Les auteurs empruntent à John Dewey la notion d’enquêtes éthiques à propos de cette prise en compte de l’expérience, inspirée par la recherche de la meilleure prise en charge possible du patient. Ils sont convaincants quant à la nécessité d’explorer des alternatives, « essayer pour soigner », et d’affronter l’inconnu. L’adjectif éthique signifie pour eux que dans cette situation du choix difficile d’une thérapeutique appropriée, c’est le caractère éthique, la fidélité au devoir de soigner, qui donne son sens à la conduite du soignant.

Dans cette optique de l’appel à l’expérience et à la prise en compte des points de vue individuels des « soignants », il est dommage que les auteurs n’aient pas rapporté ce qu’ils ont noté des attitudes des infirmier(ère) s face aux décisions de traitement des Covid graves.
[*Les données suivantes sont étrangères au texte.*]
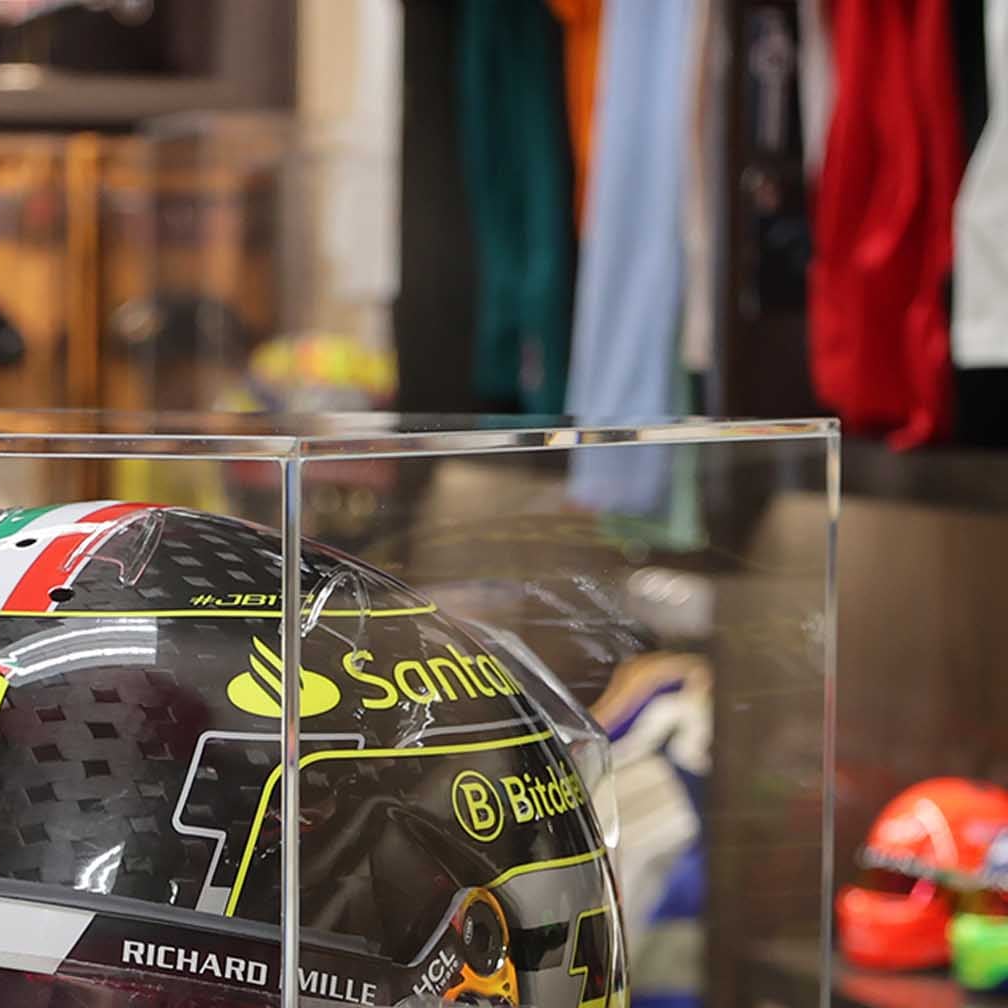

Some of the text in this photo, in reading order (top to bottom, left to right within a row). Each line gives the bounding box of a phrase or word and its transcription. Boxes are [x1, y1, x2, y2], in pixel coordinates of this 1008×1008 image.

Certes, ils/elles ne posent pas les indications mais n’en possèdent pas moins un point de vue sur les traitements qu’ils mettent quotidiennement en œuvre au chevet du malade.

Le propos des auteurs revient finalement à décrire l’expérience clinique comme une forme légitime d’expérimentation, d’où le titre de l’ouvrage qui marque le passage « d’essayer pour soigner » à « soigner pour essayer ». On est tenté d’évoquer la célèbre phrase de Georges Canguilhem (1904-1995), médecin et philosophe : « le médecin ne soigne, c’est-à-dire n’expérimente, qu’en tremblant » [3]. Mais en quoi l’exploration d’alternatives thérapeutiques serait-elle plus éthique que l’application d’un traitement élaboré officiellement par plusieurs comités dans d’autres pathologies ? [4] Cette question renvoie évidemment à la discussion plus générale sur la validité des essais thérapeutiques standardisés dans leur version actuelle, eu égard à la disparité persistante des « cobayes humains » qui permettent d’établir ces normes, sans faire disparaître la question qui fait le fond du livre : il est impossible d’ériger en absolu les normes thérapeutiques, si, comme aurait dit un autre philosophe, Henri Bergson (1859-1941), la vie est « création continue d’imprévisibles nouveautés » [4], et les émergences virales font sans doute partie de ces nouveautés.

Liens d’intérêt

L’auteure déclare n’avoir aucun lien d’intérêt concernant les données publiées dans cet article.

Références

  1. MacPherson DW. Evidence-based medicine. CMAJ 1995 ; 152 : 201–4. [Google Scholar]
  2. Tarantini C, Coutellec L. Essayer pour soigner. Des formes de l’expérience éthique dans le soin. Paris : Eres, 2024 : 136 p. [Google Scholar]
  3. Canguilhem G. Thérapeutique, expérimentation, responsabilité. Études d’histoire et de philosophie des sciences concernant le vivant et la vie. Paris : Vrin, 1994 : 383–91. [Google Scholar]
  4. Bergson H. La pensée et le mouvant (1938). Paris : Presses Universitaires de France, 2013 : 99. [Google Scholar]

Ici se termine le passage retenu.